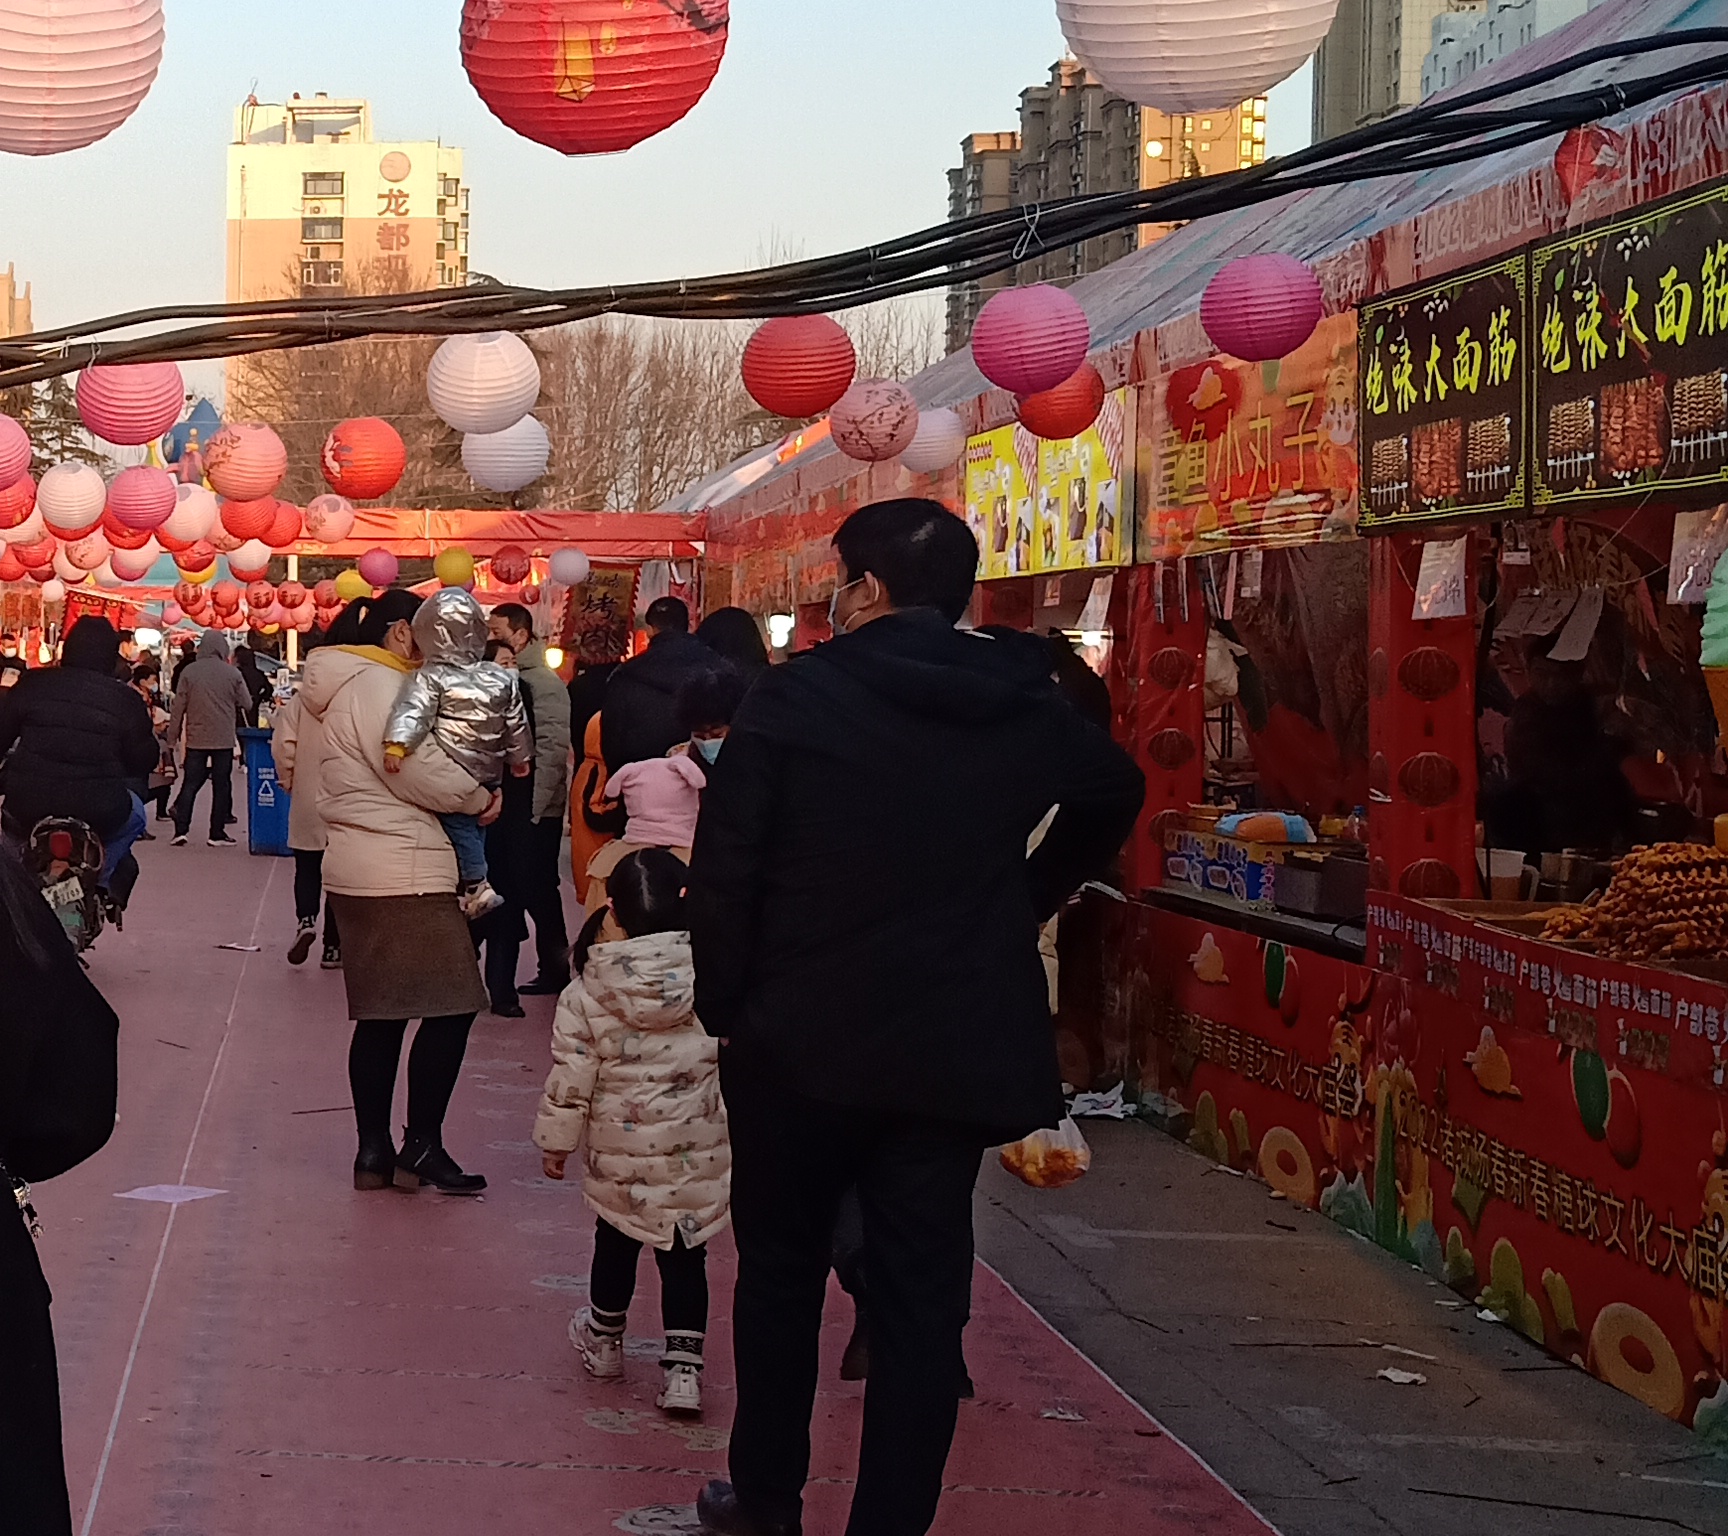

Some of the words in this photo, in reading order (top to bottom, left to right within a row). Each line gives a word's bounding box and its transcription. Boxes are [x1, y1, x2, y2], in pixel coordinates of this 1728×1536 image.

[1365, 303, 1517, 415] 绝味大面筋
[1541, 239, 1728, 375] 绝味大面筋
[1158, 393, 1319, 506] 章鱼小丸子
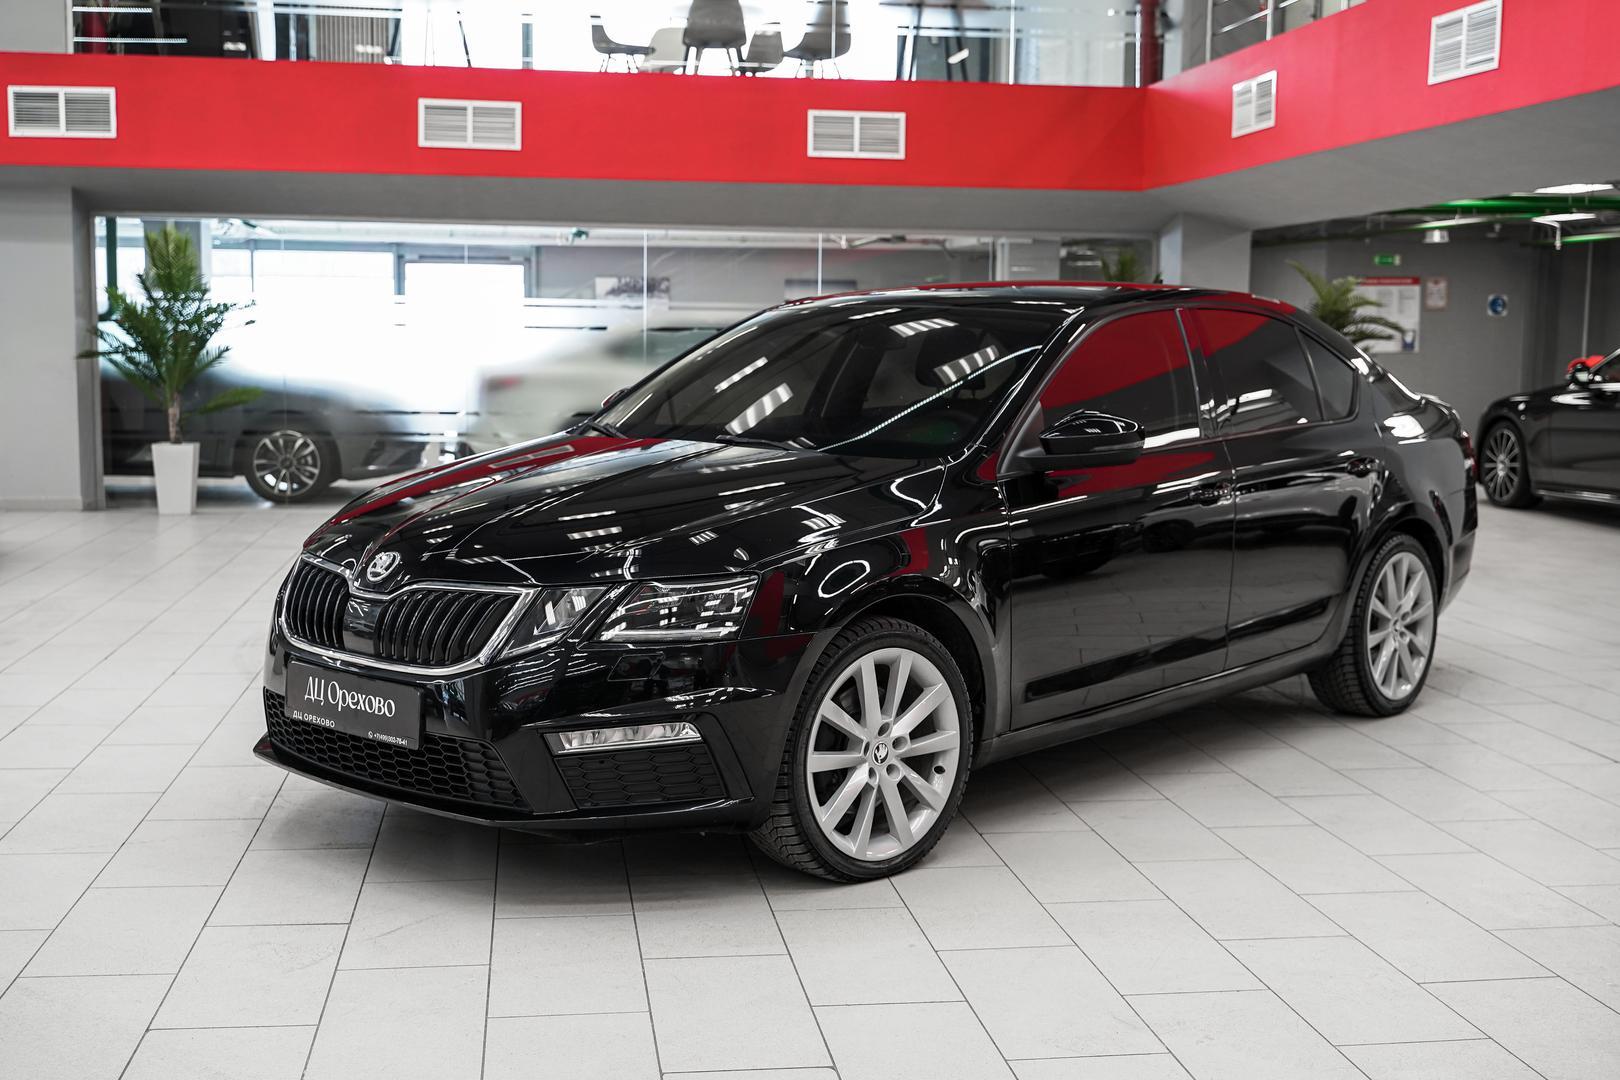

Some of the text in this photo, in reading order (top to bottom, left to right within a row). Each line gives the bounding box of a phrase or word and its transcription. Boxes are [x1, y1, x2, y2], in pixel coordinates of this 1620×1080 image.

[304, 676, 396, 717] ДЦ Орехово
[293, 710, 336, 728] ДЦ ОРЕХОВО
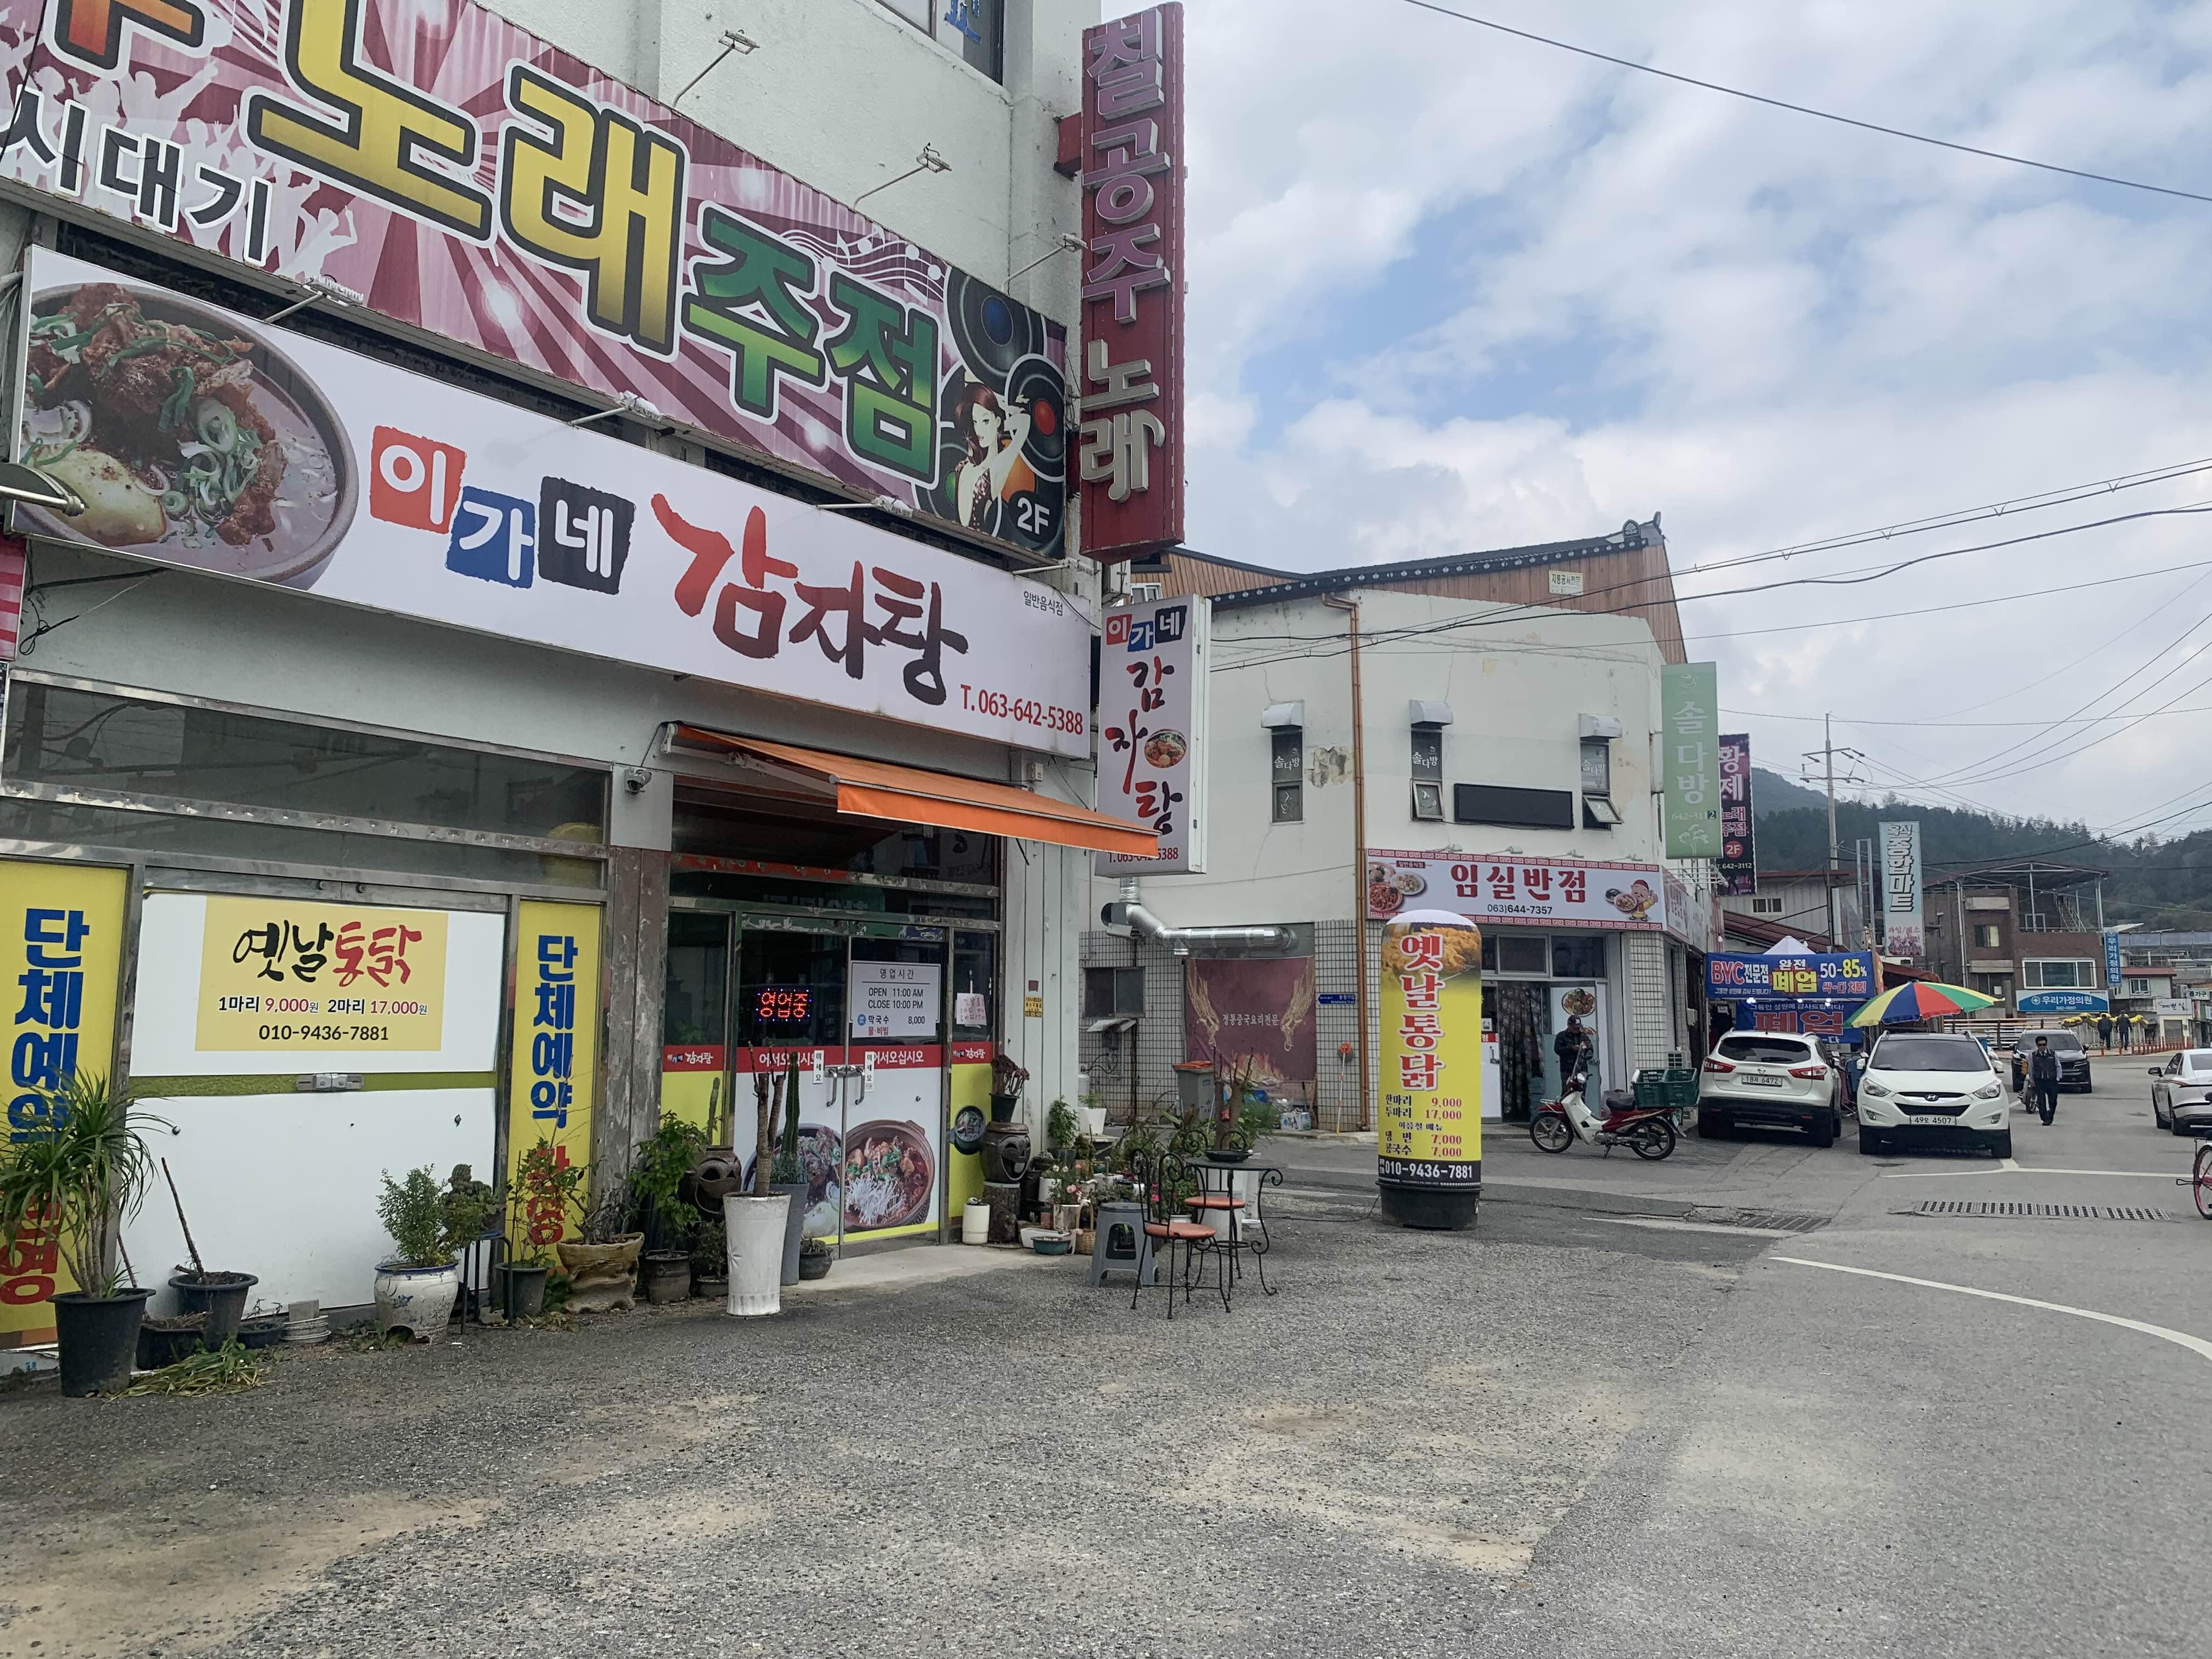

########################################

▶ _Problem to work on_: Pictures excluded, print only the lines from the one with "Some of the text" through the end of the entries above, exactly as written.

▶ _Solution to this problem_:
Some of the text in this photo, in reading order (top to bottom, left to right within a row). Each line gives the bounding box of a phrase or word and its transcription. Boxes are [x1, y1, x2, y2], in pixel coordinates of this 1620×1080 image.

[304, 676, 396, 717] ДЦ Орехово
[293, 710, 336, 728] ДЦ ОРЕХОВО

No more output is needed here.